Monday, April 11, 2011

Semester 2 : Blog # 9

Competition Interaction is a contest between individual species, groups, etc. territory, food, and location for resources. There's either groups that compete with another group for one goal which cannot be shared. Competition occurs when there is living organisms that lives in the same environment. Animals compete for food, water, shelter, etc. It's the same for humans. 

In commensal interactions, one species benefits and the other is unaffected. The commensal organism may depend on its host for food, shelter, support, transport, or a combination of these. 
Mutualism is an interaction between two or more species, where species derive a mutual benefit. One or both species involved in the interaction may be obligate, meaning they cannot survive in the short or long term without the other species. Examples include cleaner fish, pollination and seed dispersal.
Predation describes an interaction where a predator consumes on its prey. Predators may or may not kill their prey prior to feeding on them, but the act of predation always results in the death of its prey and the eventual absorption of the prey's tissue through consumption. Other categories of consumption are herbivory which means eating parts of plant and detritivory, the consumption of dead organic material. For example, parasitic species prey on a host organism and then lay their eggs on it for their offspring to feed on it while it continues to live or on its decaying corpse after it has died.  
Parasitism is the relationship between organisms of different species where one organism, the parasite, benefits at the expense of the other, the host. Traditionally parasite referred to organisms with life stages that went beyond one host , which are now called macroparasites. Parasites can now also refer to microparasites, which are smaller, such as viruses bacteria can be directly transmitted between hosts of one species. Unlike predators, parasites are generally much smaller than their host. Parasite show a high degree of specialization for their mode of life, and reproduce at a faster rate than their hosts. Examples of parasitism include interactions between vertebrate hosts and diverse animals such as tapeworms, flukes, the Plasmodium species, and fleas. Parasitism is differentiated from parasitoidism, a relationship in which the host is normally killed by the parasite and which occurs in some species of moth, butterfly, ant, fly and other insects.

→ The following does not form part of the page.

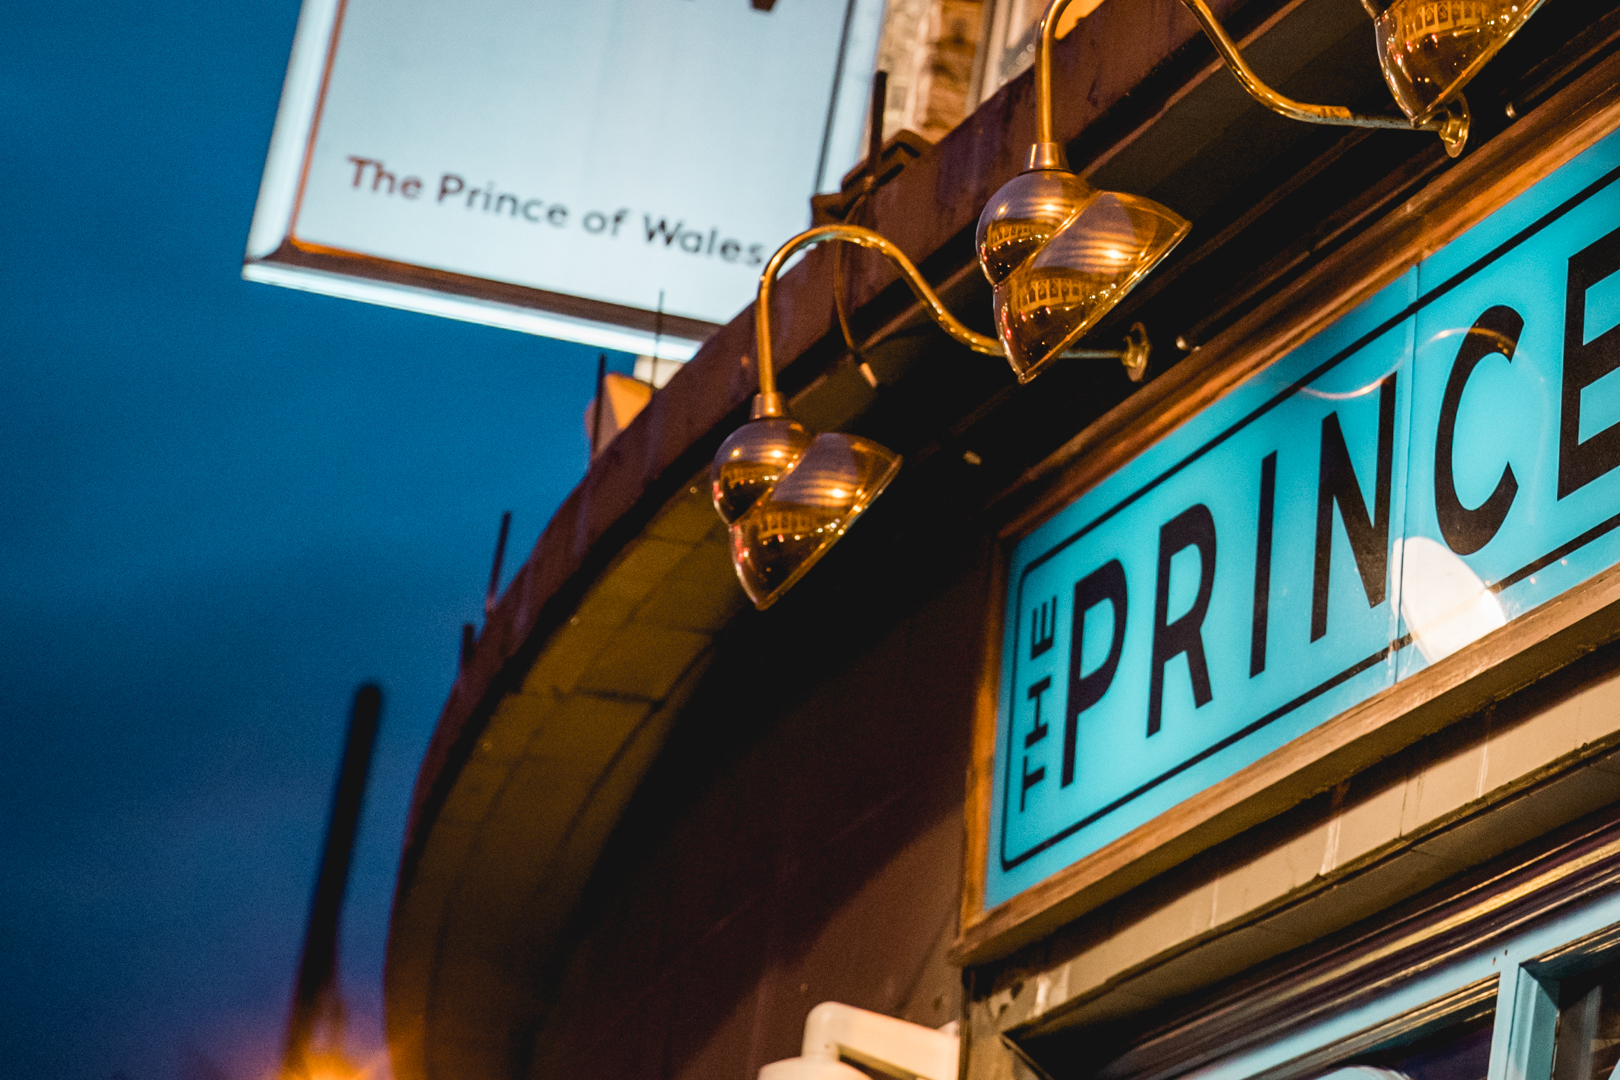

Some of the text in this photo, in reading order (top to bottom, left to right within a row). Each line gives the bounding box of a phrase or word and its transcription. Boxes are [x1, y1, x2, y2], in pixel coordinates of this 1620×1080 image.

[347, 154, 767, 267] The Prince of Wales
[1019, 594, 1058, 814] THE

Semester 2 : Blog # 6 (Redo)


Primary Producers are the most important in the food pyramid. The reason why these are the most important is because it provides food for the rest of the consumers which are primary, secondary, and territory. Without the primary producers we humans won't even exist since they use the process of photosynthesis. Primary producers provides the humans and other consumers food. So they are really important for us.

Sunday, April 3, 2011

Semester 2: Blog # 8

I have learned how the Earth and the universe on how it was formed and it was from a Big Bang which then suddenly out there it exploded and spitted out planets and stars, giving birth to life. Earth was also created by Planetary Accretion and Radioactivity. Planetary Accretion is, the breaking of nuclei shooting off to high speed,  hitting other nuclei and making them hot and all the smaller particles. Radioactive decay releases heat, keeping the Earth's core hot, which then causes continental drifts. Radioactivity may also be the cause on how the Earth release the gases which made the 1st atmosphere. So the Earth is billions of years old and many scientist are interested in the past Earth, extinction, organisms, and species.

Friday, April 1, 2011

Semester 2: Blog #7


Tundras are the coldest of all the biomes, tundras have frost-molded landscapes, extremely low temperatures, little precipitation, poor nutrients, and short growing seasons. Tundras don't have trees, they're just mainly a landscape. As for tropical rain forests they are the home to more worldwide species than all other biomes added together. Rainforests has high on rainfall, which is often results in poor soils due to leaching of soluble nutrients. Rainforest is humid, and has tall, broad-leaved evergreen trees, which is the dominant plants, forming a leafy canopy over the forest floor. The temperature ranges from 21°C to 45°C and 125 to 660 cm of rainfall yearly.